[Saved entries]
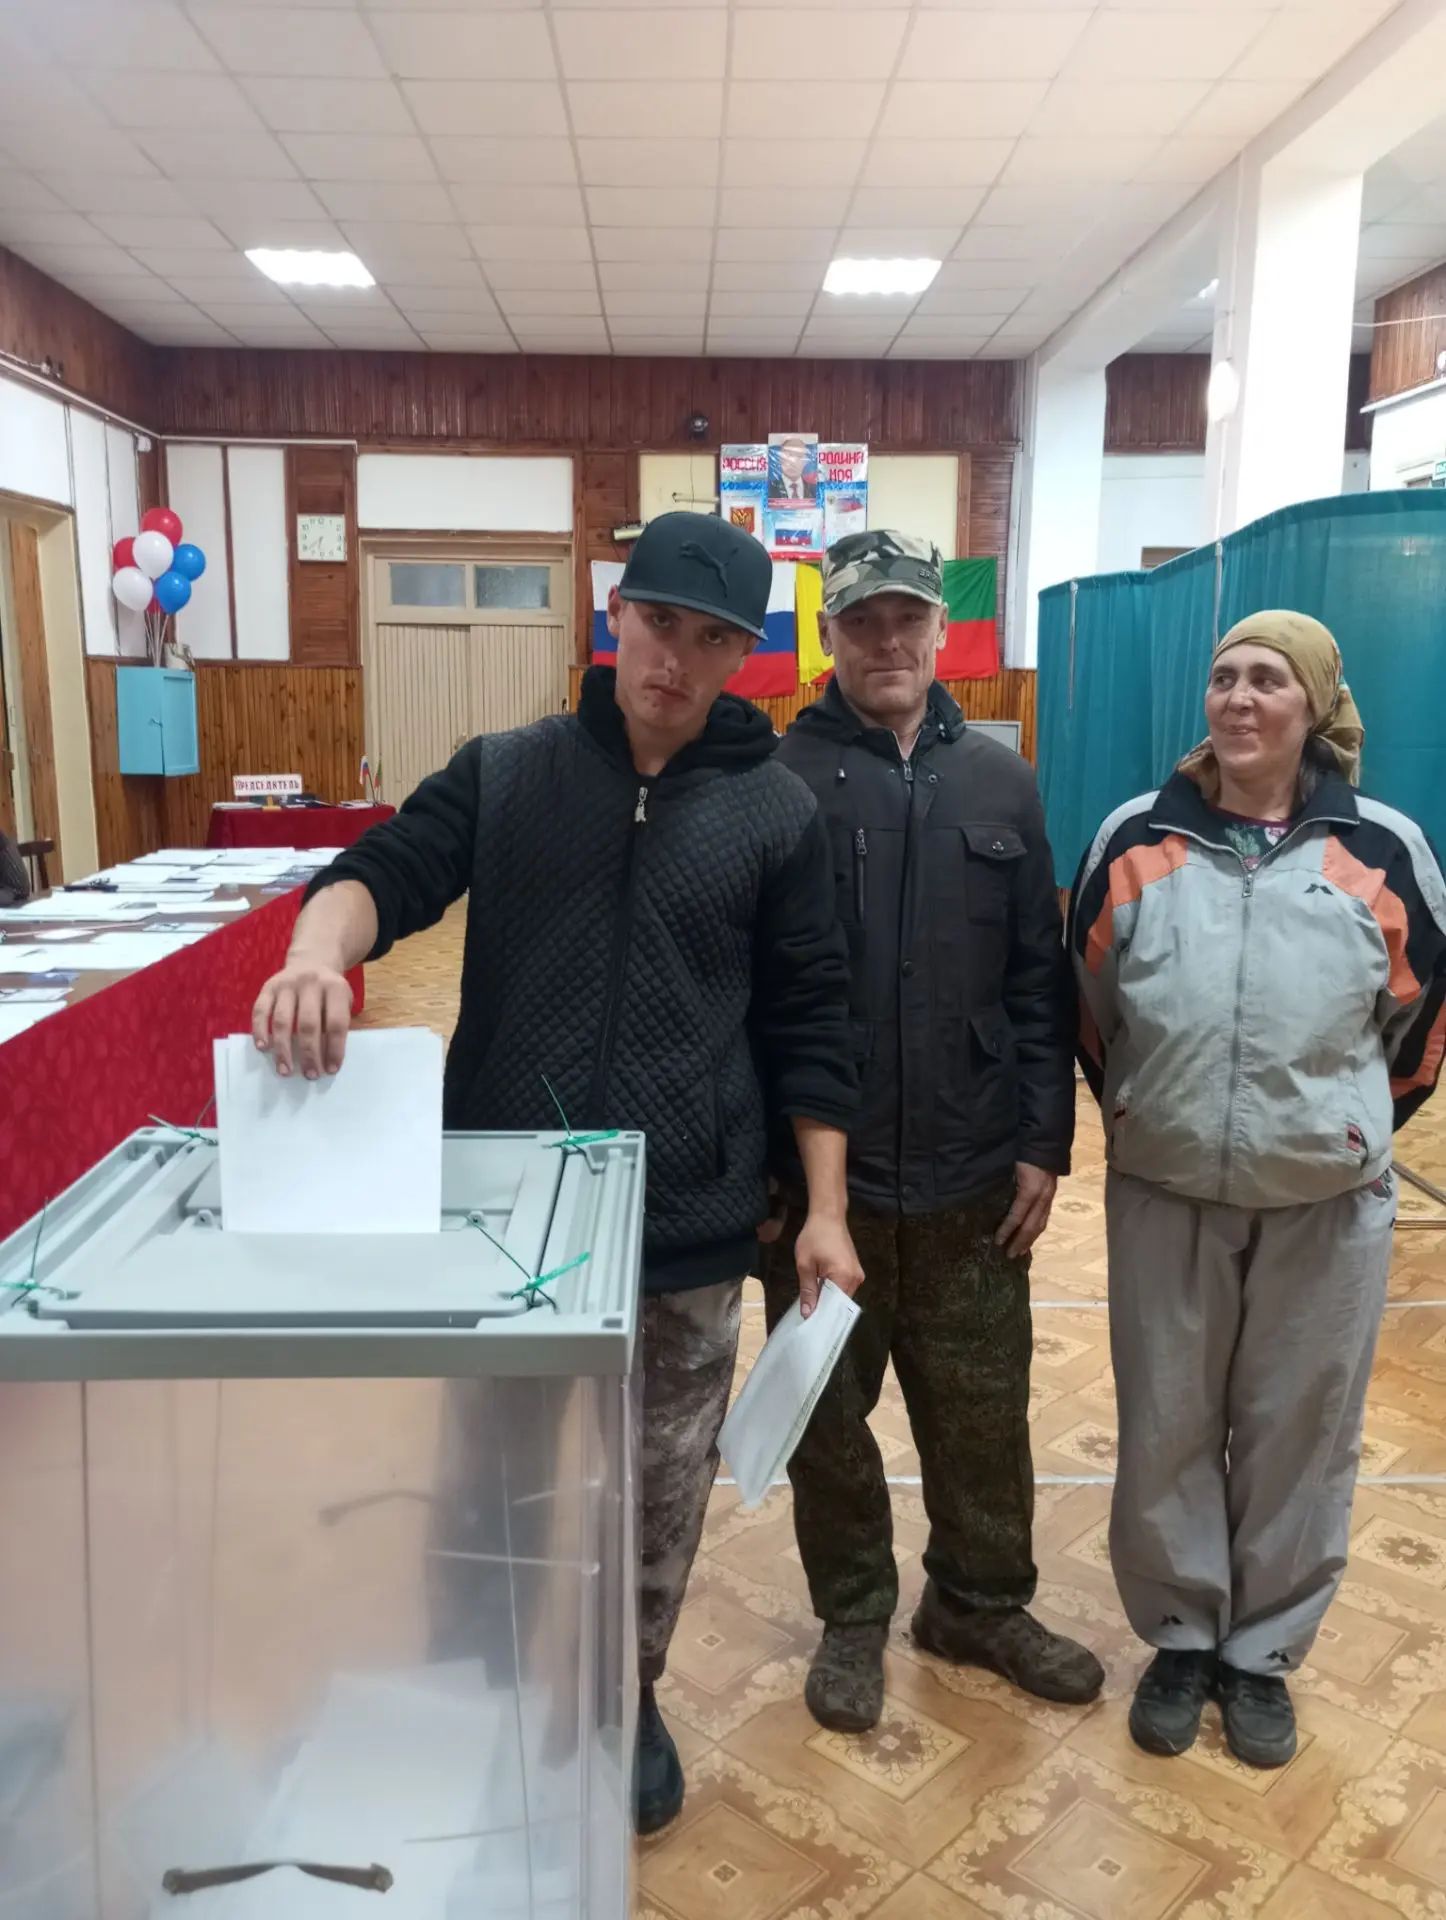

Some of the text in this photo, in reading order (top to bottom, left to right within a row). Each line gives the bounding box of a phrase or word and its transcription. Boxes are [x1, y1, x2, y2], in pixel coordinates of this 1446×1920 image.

[722, 457, 768, 471] РОССИЯ
[818, 451, 865, 464] РОДИНА
[829, 469, 853, 482] МОЯ
[235, 780, 299, 791] ПРЕДСЕДАТЕЛЬ
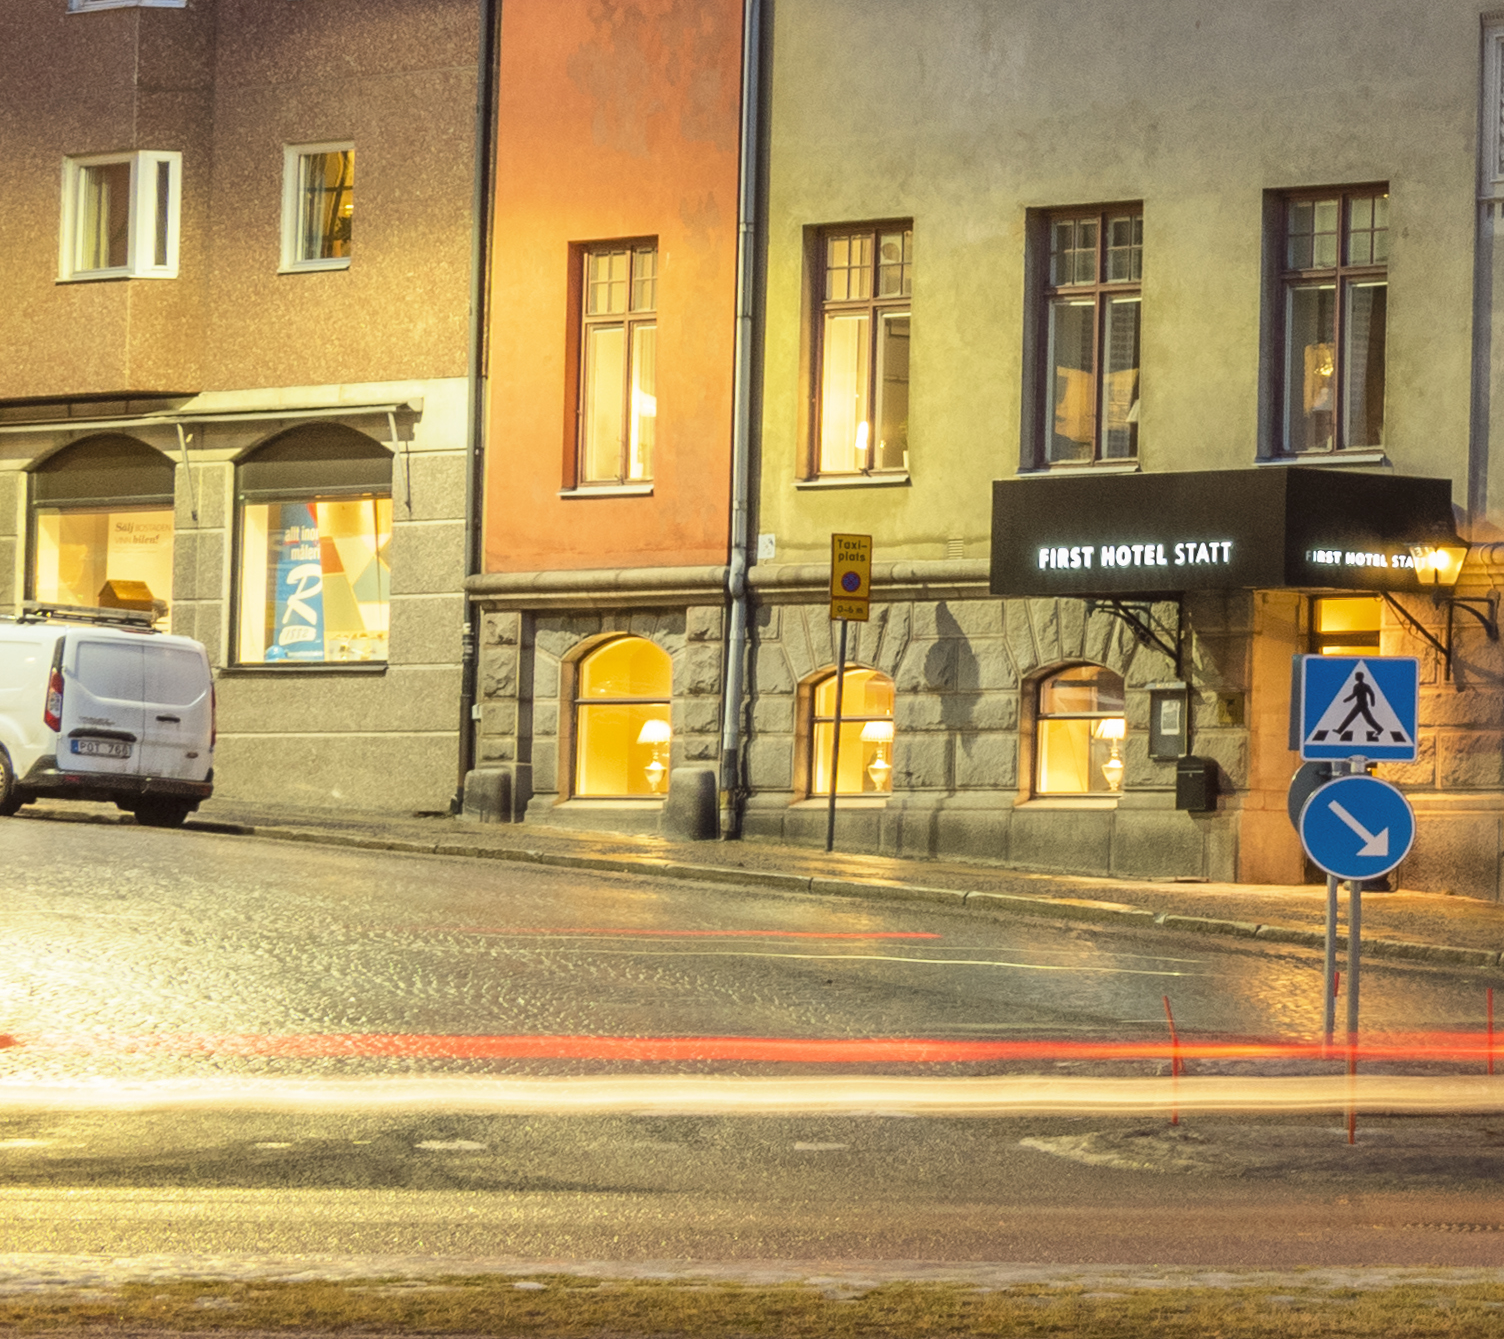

> _GOAL OF THE EXERCISE_
Reproduce all of the data exactly; the pictures do not belong in the copy.

> _OUTPUT OF THE EXERCISE_
Some of the text in this photo, in reading order (top to bottom, left to right within a row). Each line gives the bounding box of a phrase or word and its transcription. Boxes are [x1, y1, x2, y2], in pixel coordinates of this 1446×1920 image.

[722, 457, 768, 471] РОССИЯ
[818, 451, 865, 464] РОДИНА
[829, 469, 853, 482] МОЯ
[235, 780, 299, 791] ПРЕДСЕДАТЕЛЬ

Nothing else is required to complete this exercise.